> [EXERCISE PROMPT] A precise reproduction of every record below is needed, minus the pictures.
-- SUPPLIED MATERIAL follows --
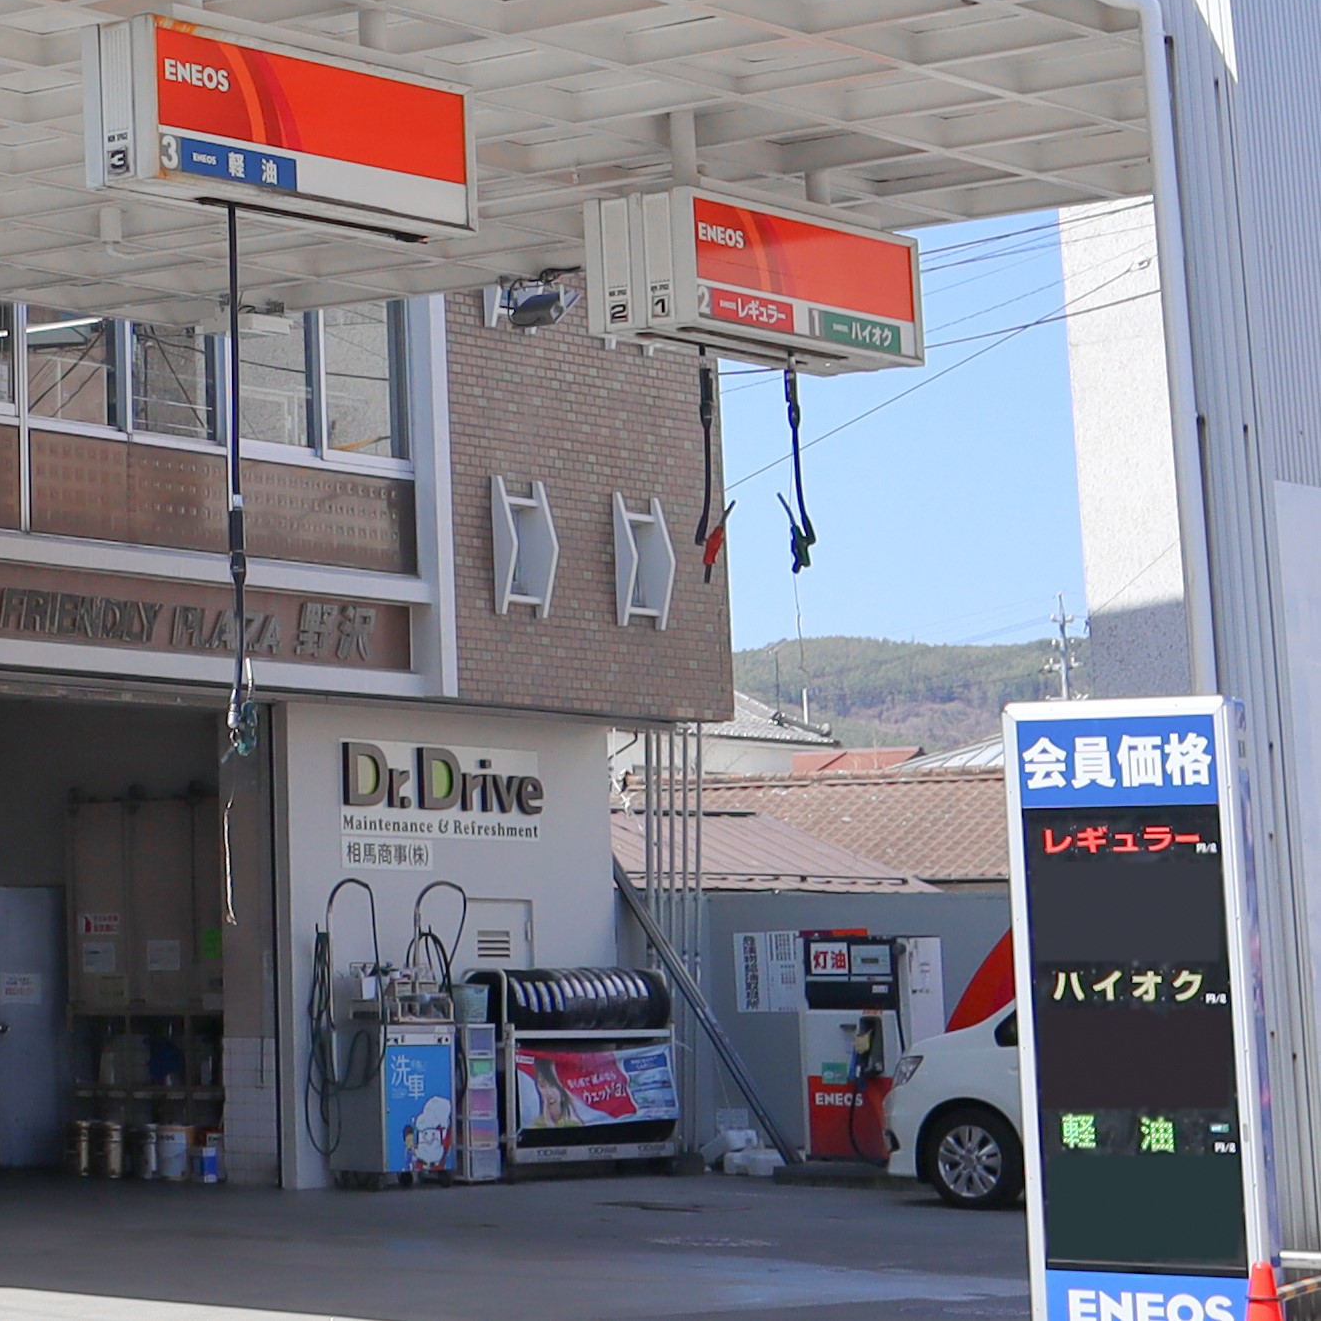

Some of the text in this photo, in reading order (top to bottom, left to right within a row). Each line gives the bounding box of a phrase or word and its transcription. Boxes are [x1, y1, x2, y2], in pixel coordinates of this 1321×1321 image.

[164, 58, 229, 92] ENEOS
[110, 150, 125, 170] 3
[161, 136, 179, 170] 3
[192, 151, 278, 186] ENEOS 軽油
[698, 221, 745, 249] ENEOS
[610, 303, 627, 320] 2
[653, 297, 666, 314] 1
[698, 290, 709, 314] 2
[737, 297, 787, 324] レギュラー
[813, 309, 821, 336] 1
[851, 321, 893, 347] ハイオク
[170, 603, 282, 654] PLAZA
[294, 601, 377, 662] 野沢
[1022, 732, 1212, 790] 会員価格
[342, 741, 544, 815] Dr.Drive
[342, 814, 539, 839] Maintenance & Refreshment
[1043, 826, 1201, 854] レギュラー
[347, 841, 430, 866] 相馬商事(株)
[813, 950, 846, 971] 灯油
[1052, 969, 1203, 1002] ハイオク
[390, 1054, 426, 1101] 洗車
[815, 1092, 864, 1106] ENEOS
[1061, 1113, 1177, 1154] 軽油
[1066, 1288, 1235, 1321] ENEOS
-- SUPPLIED MATERIAL concluded --
> [EXPECTED OUTPUT]
Some of the text in this photo, in reading order (top to bottom, left to right within a row). Each line gives the bounding box of a phrase or word and its transcription. Boxes are [x1, y1, x2, y2], in pixel coordinates of this 1321×1321 image.

[164, 58, 229, 92] ENEOS
[110, 150, 125, 170] 3
[161, 136, 179, 170] 3
[192, 151, 278, 186] ENEOS 軽油
[698, 221, 745, 249] ENEOS
[610, 303, 627, 320] 2
[653, 297, 666, 314] 1
[698, 290, 709, 314] 2
[737, 297, 787, 324] レギュラー
[813, 309, 821, 336] 1
[851, 321, 893, 347] ハイオク
[170, 603, 282, 654] PLAZA
[294, 601, 377, 662] 野沢
[1022, 732, 1212, 790] 会員価格
[342, 741, 544, 815] Dr.Drive
[342, 814, 539, 839] Maintenance & Refreshment
[1043, 826, 1201, 854] レギュラー
[347, 841, 430, 866] 相馬商事(株)
[813, 950, 846, 971] 灯油
[1052, 969, 1203, 1002] ハイオク
[390, 1054, 426, 1101] 洗車
[815, 1092, 864, 1106] ENEOS
[1061, 1113, 1177, 1154] 軽油
[1066, 1288, 1235, 1321] ENEOS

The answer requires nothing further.